[RECORDS PROVIDED]:

---------------

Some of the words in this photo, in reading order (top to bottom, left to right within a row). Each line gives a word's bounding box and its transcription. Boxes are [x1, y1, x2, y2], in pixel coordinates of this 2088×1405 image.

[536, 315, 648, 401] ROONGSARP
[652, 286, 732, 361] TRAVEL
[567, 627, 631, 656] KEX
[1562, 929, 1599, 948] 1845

---------------

[HOW TO COMPLETE THIS TASK]:
The listing above is to be transcribed exactly. Include every line.

[ANSWER TO THE EXERCISE]:
Some of the words in this photo, in reading order (top to bottom, left to right within a row). Each line gives a word's bounding box and its transcription. Boxes are [x1, y1, x2, y2], in pixel coordinates of this 2088×1405 image.

[536, 315, 648, 401] ROONGSARP
[652, 286, 732, 361] TRAVEL
[567, 627, 631, 656] KEX
[1562, 929, 1599, 948] 1845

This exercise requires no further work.